Post image for Ivory Madison: In Her Own Words

Ivory Madison: In Her Own Words

by Larry Bush on 07/13/2012

in Paper Trails

Illustration from Noir City 5 poster with Ivory Madison, crowned Miss Noir City 2007,  posing as the femme fatale. The promotion material noted that the couple  “both want to emphasize to the general public and their significant others that it took work to look as seedy and obnoxious as they appear in the poster. It didn’t come naturally.” In an interview about her noir writing, Madison observed “I realized recently that most of my fiction is about ineffective female assassins.”

The document below was Ivory Madison’s 2002 essay application to Stanford Law School. She was not admitted.

Diary of a Future Mad Law Professor

“Take sides.

Silence encourages the tormentor, never the tormented.

Neutrality aids the oppressor, never the victim.”

-Elie Wiesel

I dropped out of school at age thirteen and became an autodidact by necessity. Instead of heading off to university a few years later, I arrived in New Orleans still a teenager, alone, with seventy-five dollars in my pocket and a worn copy of Love Is A Dog From Hell, by Charles Bukowski.  I lied about my age to get a job in a Bourbon Street bar that night, and I moved into a seedy rooming house in the French Quarter.

Since then, I’ve been to Waffle Houses or truck stops in almost every state in the union, I’ve been to castles in Scotland, and tenements in Cuba. I have seen a woman shot dead in the street, friends die of AIDS, and everything tum black as I was strangled on the kitchen floor by the man I loved. This was mostly before I was old enough to drink.

Abuse will educate you. In my early twenties, the war against women was in my living room, and I found out that you do not receive a hero’s welcome off of airplanes or get awarded a Purple Heart for surviving it. I felt powerless to escape my abuser until I learned how to name and fight the source of my oppression in a larger political context. Accordingly, deep in the Bible Belt, at age twenty-two, I founded and became president of one of the largest NOW chapters in the country. I didn’t ever really learn how to defend myself per se, but I became an expert at fighting for all women, all at once. I found that it was much easier for me to lobby legislators about domestic violence than to leave my abuser. Even after I finally escaped, I didn’t want to think about my victimization. I wanted to be a hero. I still do.

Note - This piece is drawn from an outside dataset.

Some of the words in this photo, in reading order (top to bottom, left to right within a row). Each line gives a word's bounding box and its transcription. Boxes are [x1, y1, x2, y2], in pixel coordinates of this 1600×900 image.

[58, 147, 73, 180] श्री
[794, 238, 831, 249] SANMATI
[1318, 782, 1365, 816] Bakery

Facing political adversity in Louisiana was baptism by fire, and my passion for justice was stoked fighting the Religious Right. I didn’t flinch when I was called a baby-killing dyke by senators in Baton Rogue, and my renewed determination led me to form unprecedented coalitions between feminist, gay and lesbian, and African-American organizations. I wanted solidarity to transcend identity politics. There were many times when I was one of very few willing to stand up for an unpopular cause, and as a result, my willingness to take risks on behalf of the disenfranchised has become inextricable from my character. Although I am not originally from the South, I carry the experiences and the challenges of the South with me now, and bring a valuable perspective to progressive thought when ensconced in the more elitist liberal circles of Northern California.

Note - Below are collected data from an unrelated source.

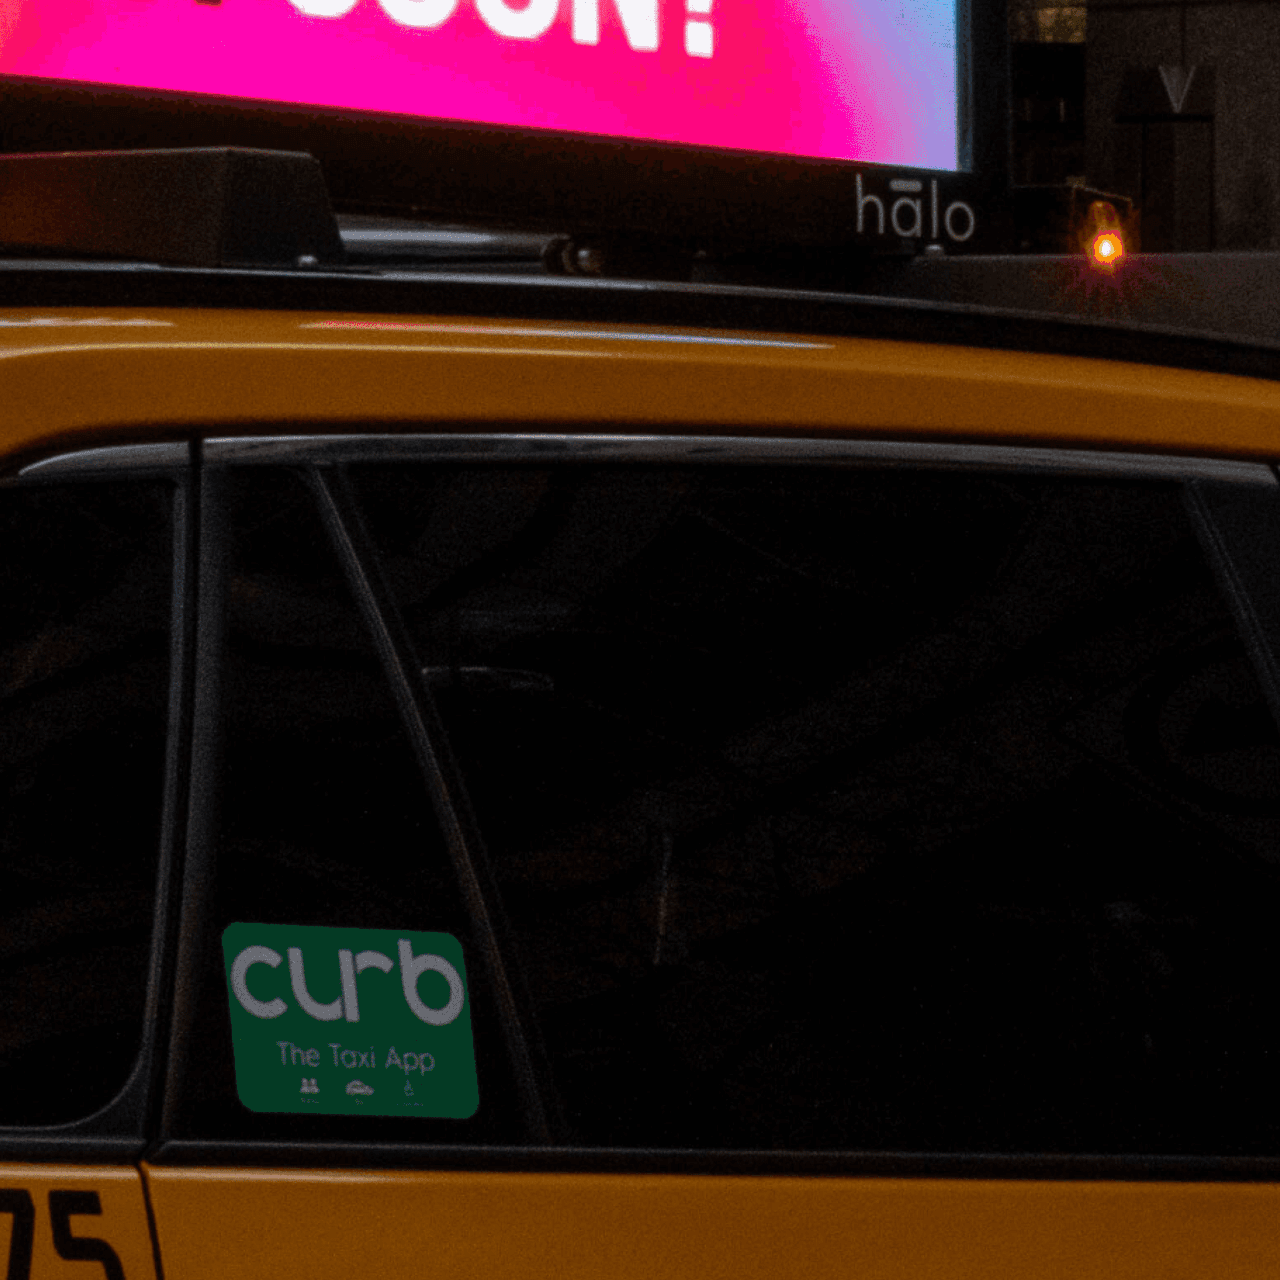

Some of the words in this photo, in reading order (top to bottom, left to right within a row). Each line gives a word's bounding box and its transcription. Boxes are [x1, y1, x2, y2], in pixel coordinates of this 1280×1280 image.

[230, 937, 465, 1026] curb
[276, 1040, 321, 1068] The
[327, 1042, 376, 1069] Taxi
[385, 1046, 436, 1076] App
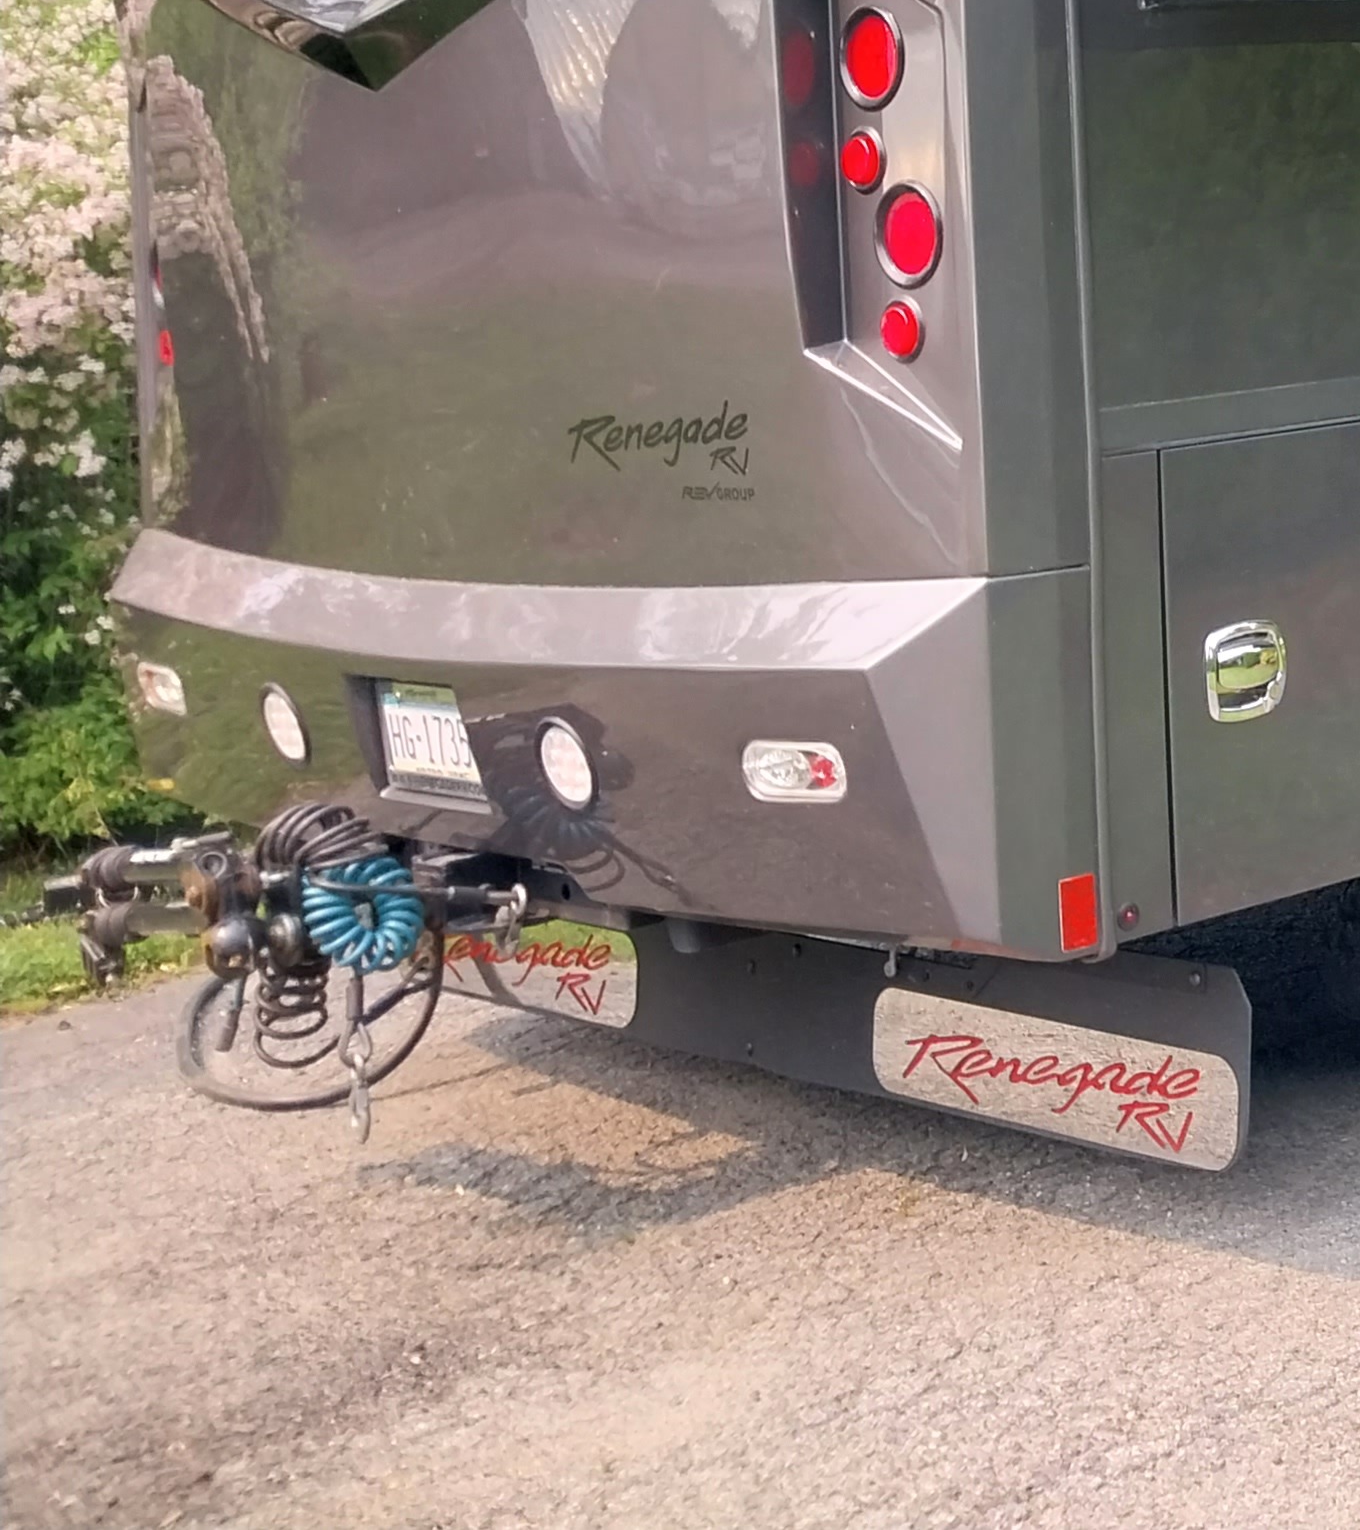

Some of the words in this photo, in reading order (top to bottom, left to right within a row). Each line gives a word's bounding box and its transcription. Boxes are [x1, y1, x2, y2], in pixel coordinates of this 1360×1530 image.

[567, 399, 748, 472] Renegade
[709, 445, 749, 476] RV
[716, 487, 756, 502] GROUP
[554, 972, 607, 1015] RV
[902, 1033, 1201, 1114] Renegade
[1115, 1100, 1194, 1152] RV

My quixotic and heady activist adventures led me to become a volunteer story reader for children, the lead plaintiff in an economic justice lawsuit taking on a graft-ridden monopoly, and a courtroom advocate for a woman whose husband mutilated her genitals. I was the only white person invited to speak at a statewide NAACP rally at an African-American Baptist Church in Louisiana, where I stood proudly with civil rights leaders who marched with Dr. King. In New York, I signed the new Declaration of Sentiments in Seneca Falls at the 150th Anniversary of the first women’s rights convention; I stood where Susan B. Anthony stood a century ago, when she was arrested for voting.  My political involvement led me to the dubious honor of being personally lied to, one-on-one, by the President of the United States. l’ve handled sticky political situations from national media at my apartment door asking stupid questions about Louisiana law at 8 AM, to prominent elected officials doing drugs in the bathroom of my restaurant at l AM. Since none of that officially counted as learning in our society, my acumen was unquantifiable. I had only what could generously be deemed a 9th grade formal education.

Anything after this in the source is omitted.